**Instructions for the task**: Print the entries below in their entirety, exactly as they are written.

**Saved entries**:
»»
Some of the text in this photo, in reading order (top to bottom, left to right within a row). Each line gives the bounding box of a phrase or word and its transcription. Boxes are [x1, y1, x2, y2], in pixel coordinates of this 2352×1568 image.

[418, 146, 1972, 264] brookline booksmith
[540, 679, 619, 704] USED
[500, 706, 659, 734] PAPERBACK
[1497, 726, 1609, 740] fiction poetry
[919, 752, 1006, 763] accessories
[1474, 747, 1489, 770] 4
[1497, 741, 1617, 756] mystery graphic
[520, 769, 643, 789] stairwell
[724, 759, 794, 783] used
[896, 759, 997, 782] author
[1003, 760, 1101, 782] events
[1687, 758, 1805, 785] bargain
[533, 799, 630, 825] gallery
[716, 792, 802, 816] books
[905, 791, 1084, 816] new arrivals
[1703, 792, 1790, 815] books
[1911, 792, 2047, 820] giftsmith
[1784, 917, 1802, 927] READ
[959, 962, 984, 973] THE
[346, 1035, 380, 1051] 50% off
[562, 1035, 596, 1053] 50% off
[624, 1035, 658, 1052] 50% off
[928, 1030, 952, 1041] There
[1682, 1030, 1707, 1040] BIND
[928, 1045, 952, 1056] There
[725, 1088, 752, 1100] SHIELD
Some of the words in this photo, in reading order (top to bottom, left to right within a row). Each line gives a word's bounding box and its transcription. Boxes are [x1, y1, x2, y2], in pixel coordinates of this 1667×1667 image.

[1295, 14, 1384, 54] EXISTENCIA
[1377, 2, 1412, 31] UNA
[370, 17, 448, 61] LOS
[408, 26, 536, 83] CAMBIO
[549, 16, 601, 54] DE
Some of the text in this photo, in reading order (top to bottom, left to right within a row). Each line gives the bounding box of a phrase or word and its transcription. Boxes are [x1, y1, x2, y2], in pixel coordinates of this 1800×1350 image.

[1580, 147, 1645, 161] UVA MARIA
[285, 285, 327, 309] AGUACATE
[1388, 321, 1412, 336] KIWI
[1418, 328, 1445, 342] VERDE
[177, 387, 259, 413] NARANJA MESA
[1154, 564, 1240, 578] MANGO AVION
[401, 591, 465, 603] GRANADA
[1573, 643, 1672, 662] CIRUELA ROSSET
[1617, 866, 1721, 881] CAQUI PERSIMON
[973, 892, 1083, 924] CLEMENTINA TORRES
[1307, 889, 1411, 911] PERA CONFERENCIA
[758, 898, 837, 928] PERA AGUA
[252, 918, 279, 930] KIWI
««
**Written answer**:
Some of the text in this photo, in reading order (top to bottom, left to right within a row). Each line gives the bounding box of a phrase or word and its transcription. Boxes are [x1, y1, x2, y2], in pixel coordinates of this 2352×1568 image.

[418, 146, 1972, 264] brookline booksmith
[540, 679, 619, 704] USED
[500, 706, 659, 734] PAPERBACK
[1497, 726, 1609, 740] fiction poetry
[919, 752, 1006, 763] accessories
[1474, 747, 1489, 770] 4
[1497, 741, 1617, 756] mystery graphic
[520, 769, 643, 789] stairwell
[724, 759, 794, 783] used
[896, 759, 997, 782] author
[1003, 760, 1101, 782] events
[1687, 758, 1805, 785] bargain
[533, 799, 630, 825] gallery
[716, 792, 802, 816] books
[905, 791, 1084, 816] new arrivals
[1703, 792, 1790, 815] books
[1911, 792, 2047, 820] giftsmith
[1784, 917, 1802, 927] READ
[959, 962, 984, 973] THE
[346, 1035, 380, 1051] 50% off
[562, 1035, 596, 1053] 50% off
[624, 1035, 658, 1052] 50% off
[928, 1030, 952, 1041] There
[1682, 1030, 1707, 1040] BIND
[928, 1045, 952, 1056] There
[725, 1088, 752, 1100] SHIELD
Some of the words in this photo, in reading order (top to bottom, left to right within a row). Each line gives a word's bounding box and its transcription. Boxes are [x1, y1, x2, y2], in pixel coordinates of this 1667×1667 image.

[1295, 14, 1384, 54] EXISTENCIA
[1377, 2, 1412, 31] UNA
[370, 17, 448, 61] LOS
[408, 26, 536, 83] CAMBIO
[549, 16, 601, 54] DE
Some of the text in this photo, in reading order (top to bottom, left to right within a row). Each line gives the bounding box of a phrase or word and its transcription. Boxes are [x1, y1, x2, y2], in pixel coordinates of this 1800×1350 image.

[1580, 147, 1645, 161] UVA MARIA
[285, 285, 327, 309] AGUACATE
[1388, 321, 1412, 336] KIWI
[1418, 328, 1445, 342] VERDE
[177, 387, 259, 413] NARANJA MESA
[1154, 564, 1240, 578] MANGO AVION
[401, 591, 465, 603] GRANADA
[1573, 643, 1672, 662] CIRUELA ROSSET
[1617, 866, 1721, 881] CAQUI PERSIMON
[973, 892, 1083, 924] CLEMENTINA TORRES
[1307, 889, 1411, 911] PERA CONFERENCIA
[758, 898, 837, 928] PERA AGUA
[252, 918, 279, 930] KIWI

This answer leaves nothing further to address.